Tantas, tantísimas, que ahora me encuentro decidido a votar por Juan Manuel
Santos este 15 de junio. Qué triste. Yo, que critico la corrupción, el
amiguismo y la mal llamada mermelada, voy a votar por el candidato de los
Vargas Lleras, los Musas, Los Ñoños y los Roy Barreras; el de Samper, Gaviria,
El Tiempo y Caracol. El de élite, el que no es renovación.
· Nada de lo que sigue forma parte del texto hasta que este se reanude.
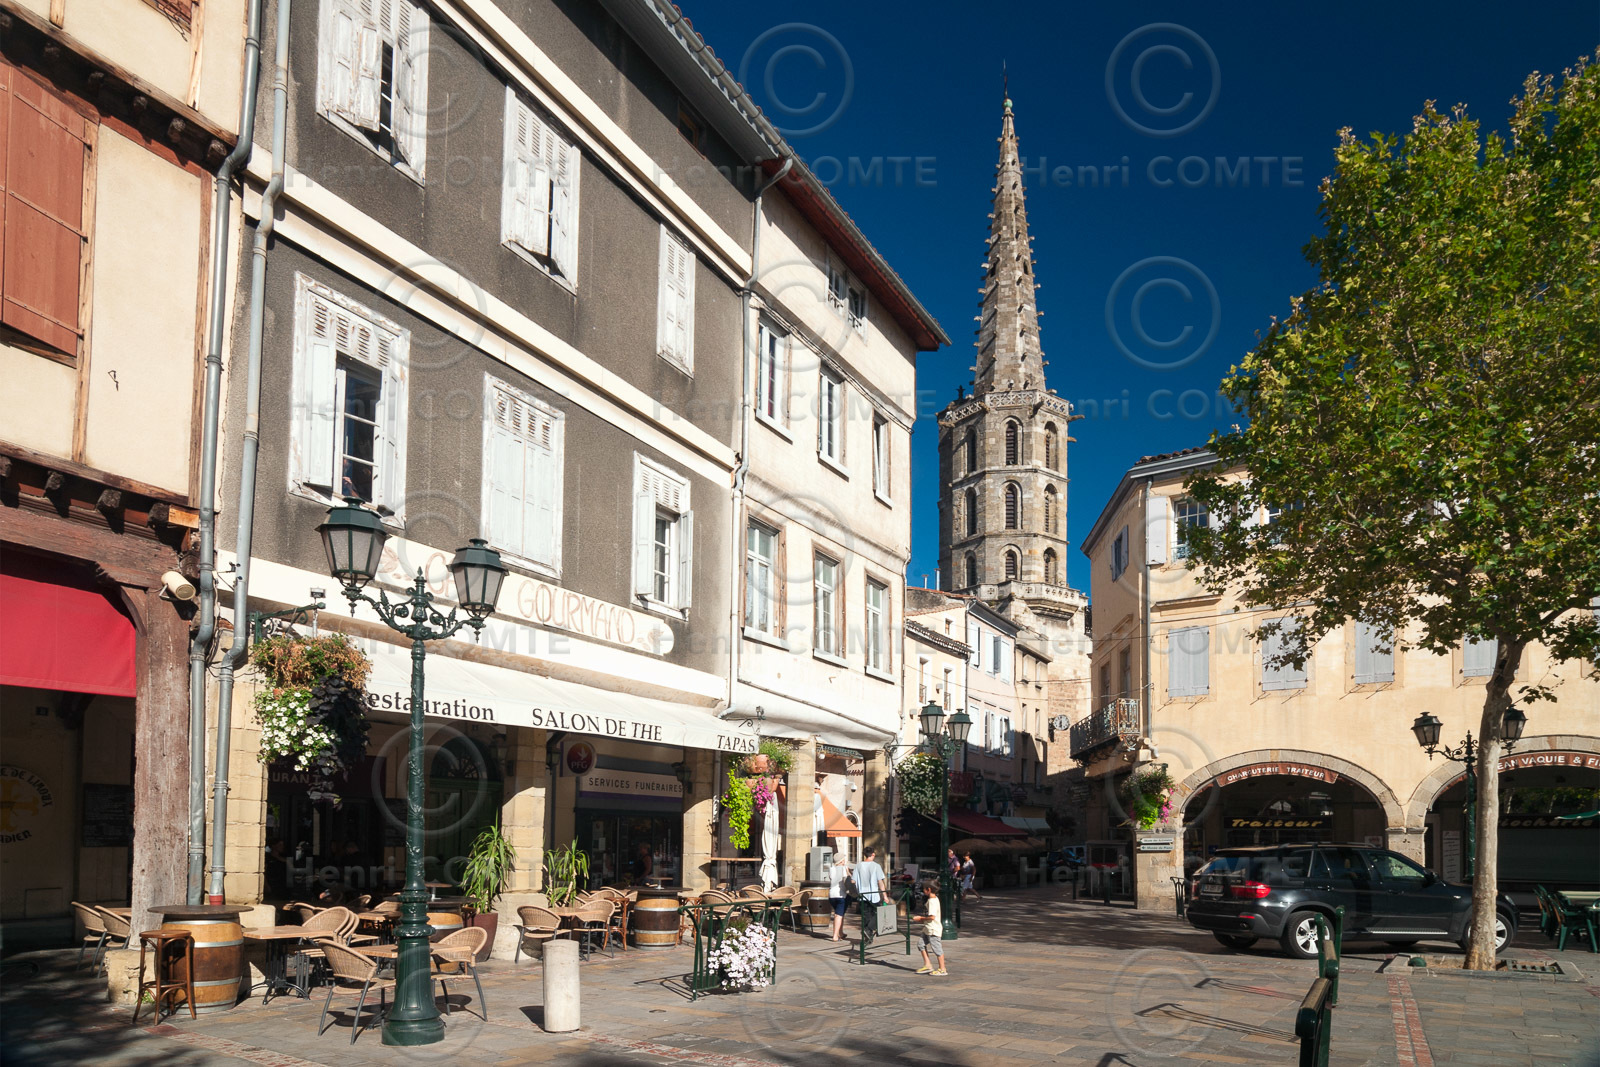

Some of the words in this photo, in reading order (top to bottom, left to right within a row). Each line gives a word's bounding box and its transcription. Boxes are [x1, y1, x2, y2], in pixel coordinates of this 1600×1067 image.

Pero así y todo, lo haré totalmente
convencido por dos razones. La primera, que es la más trillada, es el fin del
conflicto armado, que no paz. Y es que los esfuerzos logrados hasta ahora por
este gobierno son demasiado importantes como para echarlos por la borda así sin
más, por el solo capricho de los que creen que es posible ganar militarmente una
guerra de más de cincuenta años. Ahora bien, hay cosas poco llamativas en los
acuerdos pero, abramos los ojos, siempre va a haber cosas poco llamativas en
unos acuerdos de paz. ¿O es que los 8 años de cárcel de los paramilitares es la
pena normal que habrían obtenido si no hubiera acuerdo? ¿O es que no han
revisado nunca los acuerdos de, por ejemplo, Irlanda? La paz es cara y requiere
muchas dosis de perdón, pero sobre todo de mucha capacidad de aceptar que los
que han hecho la guerra son como nosotros: tienen aspiraciones y pueden expresarlas.
Mi segunda razón, que es igual de
importante, es el temor. Temor a otro gobierno de Uribe (porque seamos
realistas, Oscariván es un tercer periodo de Uribe, qué cuentos de
independencia). Solo por mencionar algunos episodios, recuerdo al presidente
diciéndoles “tinterillos” a los fiscales; chuzando a los opositores,
magistrados y periodistas; invitando a los parapolíticos a votar sus proyectos
antes de ser enviados a la cárcel; a Carlos Castaño, entre vivas y aplausos,
entrando al Capitolio; a Tomás y Jerónimo Uribe con tierras mágicamente transformadas
en zonas francas; a Uribe diciendo “siguiente pregunta, amigo” “si lo veo le
doy en la cara, marica” “ellos no estaban recogiendo café”, entre otras perlas.
Mientras rememoro esto, pienso en lo más reciente: en la ignorante María
Fernanda Cabal (qué miedo esa señora) mandando a Gabriel García Márquez al
infierno, diciendo que el comunismo es una enfermedad y dando gracias a Dios (qué
miedo ese Dios) por librar a Colombia del comunismo ateo; en Oscariván diciendo
que no conoce al hácker, que sí lo conoce, que lo contrató, que no lo contrató,
que fue a la oficina, que no fue, que él sí está en el vídeo, que no se acuerda
qué dijo, que todo es un montaje (…); en Pacho diciendo que electrocuten a los
estudiantes, que eso es legítimo; en José Obdulio Gaviria convocado a un “juicio
ejemplar” el siete de agosto contra todos los que creemos en la paz; en fin, el
largo etcétera del uribismo que hace parecer este país un cuento de terror inacabable.
Todo eso me asusta y tampoco quiero
que nos sigamos matando por unas ideas. Ya es hora de pasar la página, ya es
hora de dejar atrás toda esa violencia, todo el odio, todas las atrocidades. Me
propongo, entonces, a interrumpir mis vacaciones una vez más para volver mañana
a Bogotá a votar y no dejar que por pasividad los criminales uribistas revivan
el reino de terror que por ocho años tanto alabaron. Por eso, contra el miedo y
por la paz, me pongo la palomita de los santistas y voto este 15 de junio por
Santos. Porque quiero morirme después de la paz.